想要改变scrapy框架的IP和User-Agent,需要改变爬虫的中间件,scrapy常用的中间件有下载中间件和Spider中间件
1、User-Agent
(1)fake-useragent的安装:pip install fake-useragent
用法:
from fake_useragent import UserAgent
ua = UserAgent()
print(ua.ie)
运行结果:
Mozilla/4.0 (compatible; MSIE 8.0; Windows NT 6.1; WOW64; Trident/4.0; SLCC2; .NET CLR 2.0.50727; InfoPath.2)
上使IE浏览器的用法,其他的浏览器的用法
# Mozilla/5.0 (Windows; U; MSIE 9.0; Windows NT 9.0; en-US);
ua.msie
# Mozilla/5.0 (compatible; MSIE 10.0; Macintosh; Intel Mac OS X 10_7_3; Trident/6.0)'
ua['Internet Explorer']
# Mozilla/5.0 (compatible; MSIE 8.0; Windows NT 6.1; Trident/4.0; GTB7.4; InfoPath.2; SV1; .NET
CLR 3.3.69573; WOW64; en-US)
ua.opera
# Opera/9.80 (X11; Linux i686; U; ru) Presto/2.8.131 Version/11.11
ua.chrome
# Mozilla/5.0 (Windows NT 6.1) AppleWebKit/537.2 (KHTML, like Gecko) Chrome/22.0.1216.0
Safari/537.2'
ua.google
# Mozilla/5.0 (Macintosh; Intel Mac OS X 10_7_4) AppleWebKit/537.13 (KHTML, like Gecko)

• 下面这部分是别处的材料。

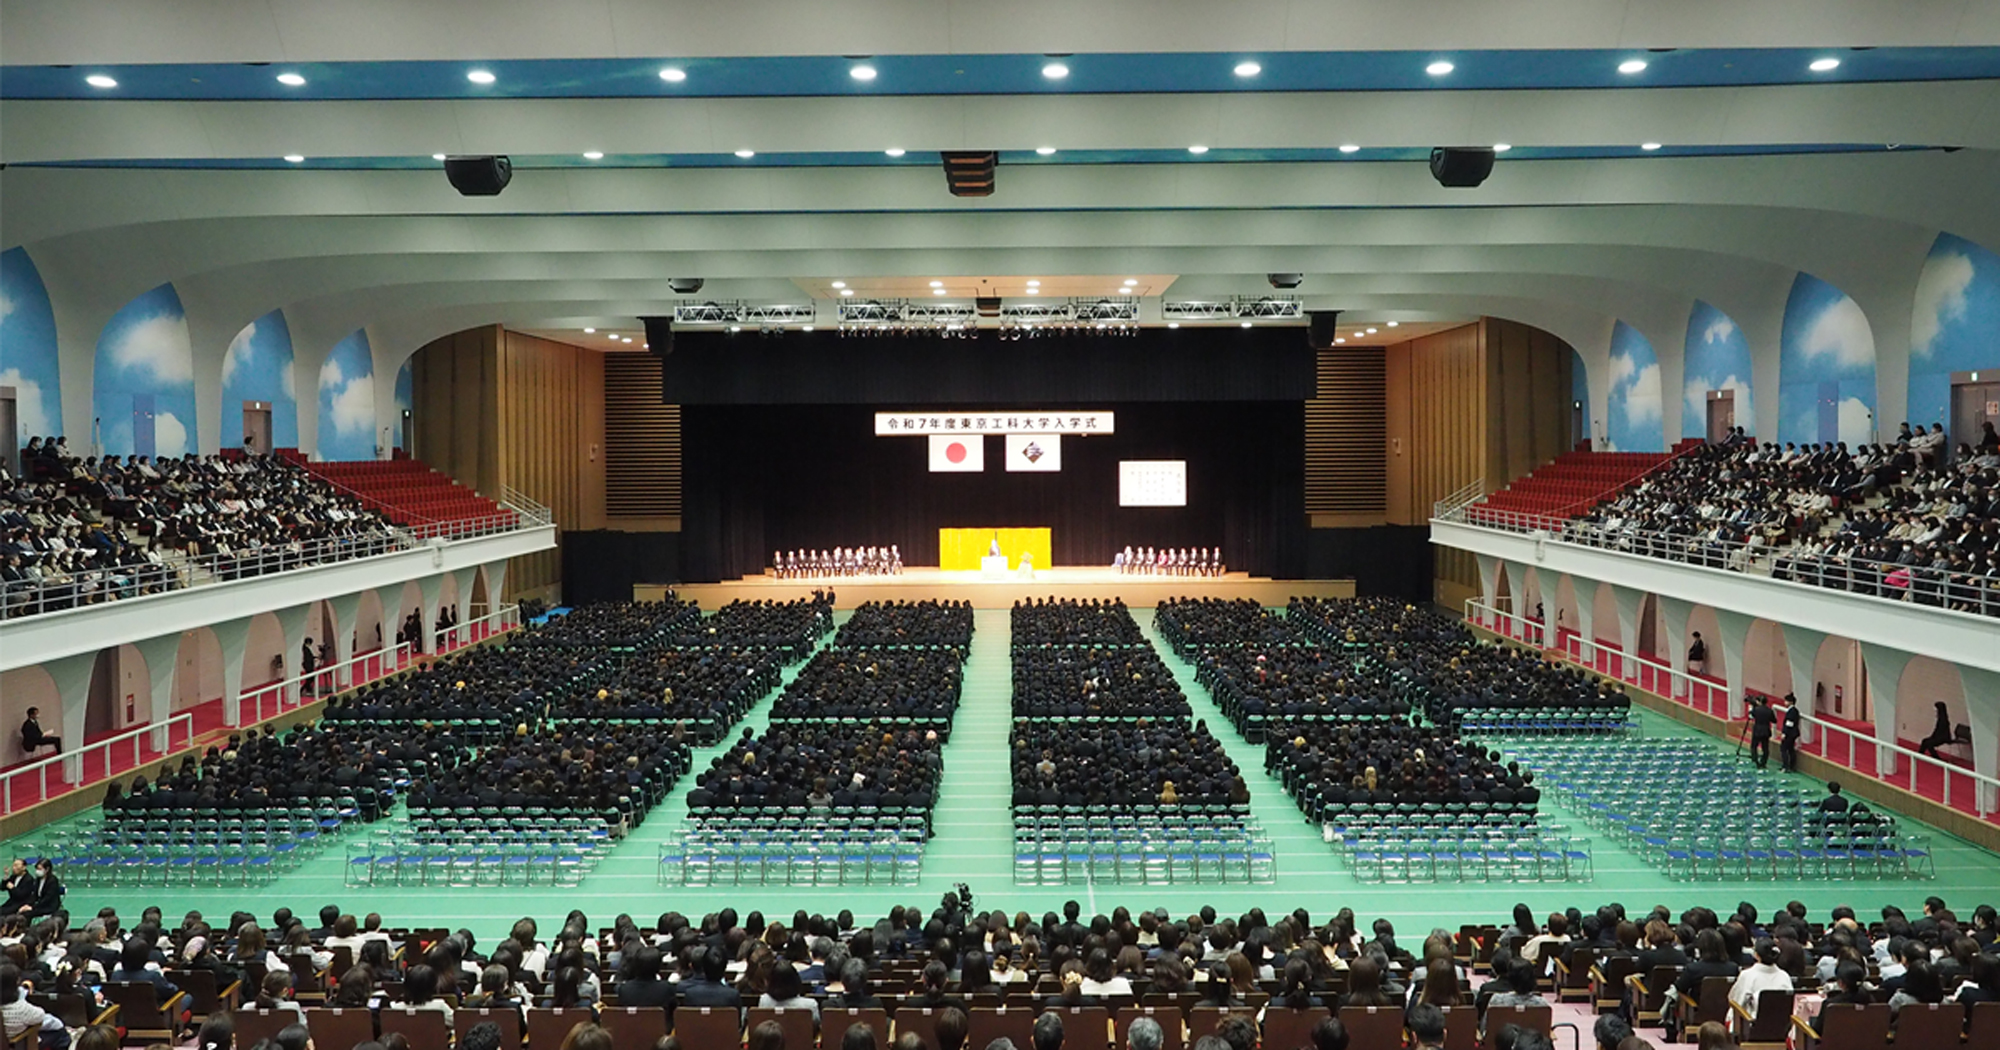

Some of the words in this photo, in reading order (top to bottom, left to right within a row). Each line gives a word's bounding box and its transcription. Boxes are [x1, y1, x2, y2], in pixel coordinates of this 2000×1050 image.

[887, 416, 1098, 430] 令和7年度東京工科大学入学式

Chrome/24.0.1290.1 Safari/537.13
ua['google chrome']
# Mozilla/5.0 (X11; CrOS i686 2268.111.0) AppleWebKit/536.11 (KHTML, like Gecko)
Chrome/20.0.1132.57 Safari/536.11
ua.firefox
# Mozilla/5.0 (Windows NT 6.2; Win64; x64; rv:16.0.1) Gecko/20121011 Firefox/16.0.1
ua.ff
# Mozilla/5.0 (X11; Ubuntu; Linux i686; rv:15.0) Gecko/20100101 Firefox/15.0.1
ua.safari
# Mozilla/5.0 (iPad; CPU OS 6_0 like Mac OS X) AppleWebKit/536.26 (KHTML, like Gecko)
Version/6.0 Mobile/10A5355d Safari/8536.25
# and the best one, random via real world browser usage statistic
ua.random
ua.update()
(2)设置User-Agent,修改middleware.py中间件,在middleware.py添加如下代码
from fake_useragent import UserAgent
class UserAgentMiddleware(object):
def __init__(self, user_agent=''):
# print('==UserAgentMiddleware init==')
self.ua = UserAgent()
def process_request(self, request, spider):
# print('==UserAgentMiddleware process_request==')
if self.ua:
# print('********Current UserAgent************')
print(self.ua.random)
request.headers.setdefault('User-agent', self.ua.random)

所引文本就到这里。